Defendant contends that his conviction for kidnapping Redondo to commit another crime is not supported by sufficient evidence. Defendant contends that the movement of Redondo 25 feet from his own backyard into his house was incidental to the robbery, did not increase the risk of harm to Redondo, and thus was insufficient movement to support his conviction. We disagree.

“‘In reviewing the sufficiency of evidence under the due process clause of the Fourteenth Amendment to the United States Constitution, the question we ask is “whether, after viewing the evidence in the light most favorable to the prosecution, any rational trier of fact could have found the essential elements of the crime beyond a reasonable doubt.”’ ([People v.] Rowland [(1992)] 4 Cal.4th [238,] 269, quoting Jackson v. Virginia (1979) 443 U.S. 307, 319 [61 L.Ed.2d 560, 99 S.Ct. 2781].) We apply an identical standard under the California Constitution. (Ibid.) ‘In determining whether a reasonable trier of fact could have found defendant guilty beyond a reasonable doubt, the appellate court “must view the evidence in a light most favorable to respondent and presume in support of the judgment the existence of every fact the trier could reasonably deduce from the evidence.”’ (People v. Johnson (1980) 26 Cal.3d 557, 576 [162 Cal.Rptr. 431, 606 P.2d 738].)” (People v. Young (2005) 34 Cal.4th 1149, 1175.)

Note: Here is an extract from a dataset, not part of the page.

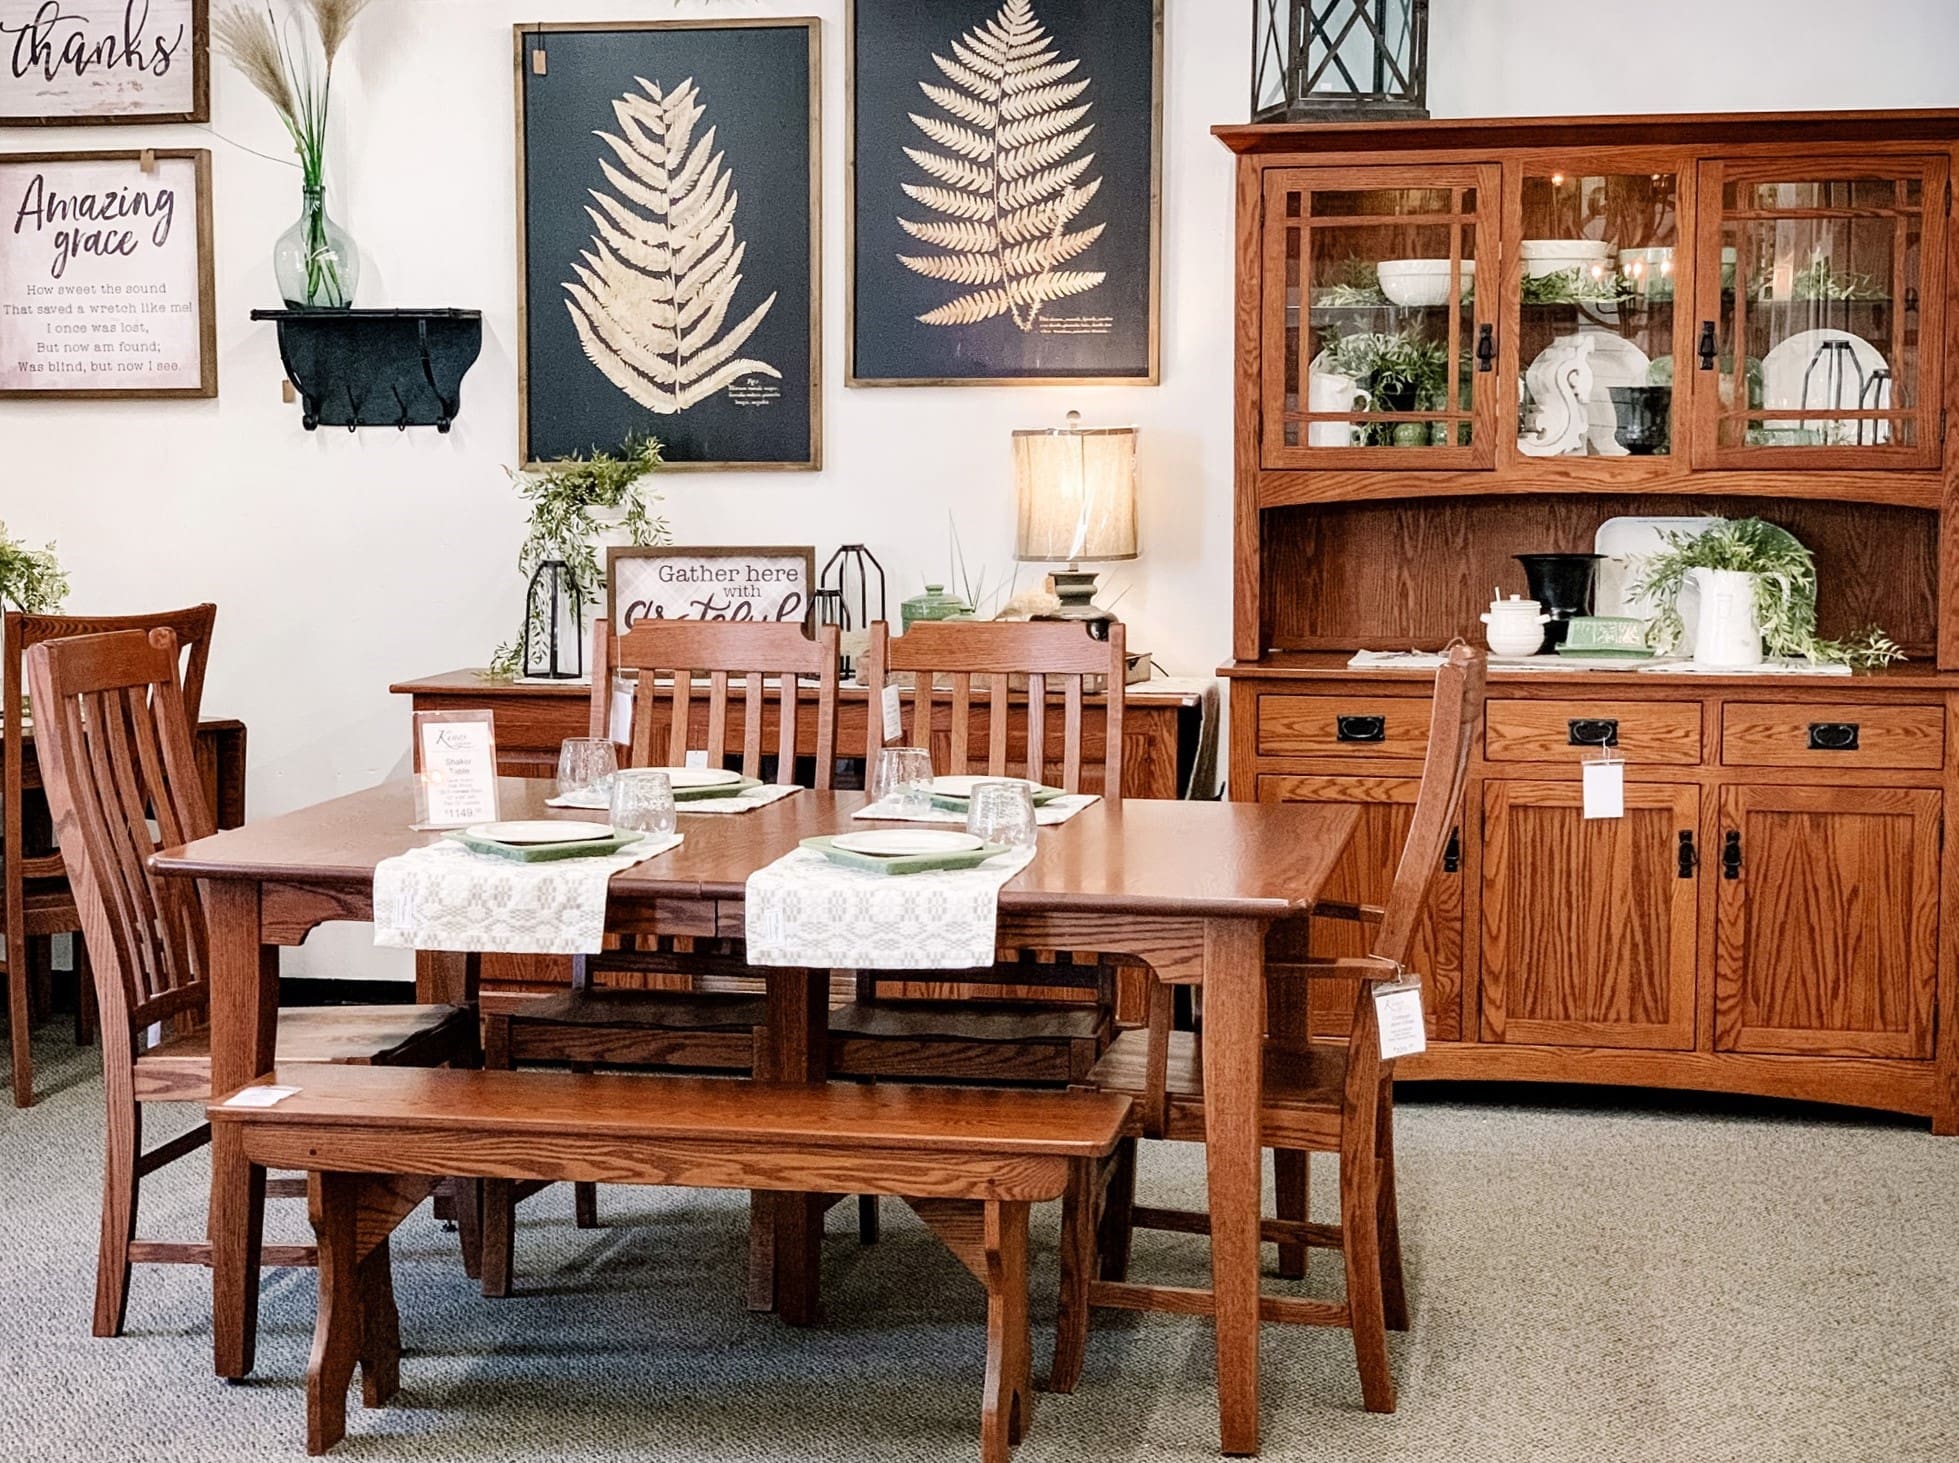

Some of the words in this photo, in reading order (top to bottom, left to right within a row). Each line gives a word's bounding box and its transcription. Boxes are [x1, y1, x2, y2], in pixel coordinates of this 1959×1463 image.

Section 209, subdivision (b) provides,

“(b)(1) Any person who kidnaps or carries away any individual to commit robbery, rape, spousal rape, oral copulation, sodomy, or any violation of Section 264.1, 288, or 289, shall be punished by imprisonment in the state prison for life with the possibility of parole.

“(2) This subdivision shall only apply if the movement of the victim is beyond that merely incidental to the commission of, and increases the risk of harm to the victim over and above that necessarily present in, the intended underlying offense.”

The jury was instructed with CALJIC No. 9.54 which provides, in part, that “Kidnapping is the unlawful movement by physical force of a person without that person’s consent for a substantial distance where the movement is not merely incidental to the commission of the robbery and where the movement substantially increases the risk of harm to the person moved, over and above that necessarily present in the crime of robbery itself.” The jury was instructed that the People had to prove, in part, that “The movement of the person was for a substantial distance, that is, a distance more than slight, brief or trivial.” (CALJIC No. 9.54.)

“As stated in People v. Rayford (1994) 9 Cal.4th 1, 12 [36 Cal.Rptr.2d 317, 884 P.2d 1369], ‘Kidnapping for robbery, or aggravated kidnapping, requires movement of the victim that is not merely incidental to the commission of the robbery, and which substantially increases the risk of harm over and above that necessarily present in the crime of robbery itself. (People v. Daniels (1969) 71 Cal.2d 1119, 1139 . . .; In re Earley (1975) 14 Cal.3d 122, 127-128 . . . .) These two aspects are not mutually exclusive, but interrelated. [¶] As for the first prong, or whether the movement is merely incidental to the crime of robbery, the jury considers the “scope and nature” of the movement. [Citation.] This includes the actual distance a victim is moved. However, we have observed that there is no minimum number of feet a defendant must move a victim in order to satisfy the first prong. [Citation.]’” (People v. Jones (1999) 75 Cal.App.4th 616, 628-629, fn. omitted.)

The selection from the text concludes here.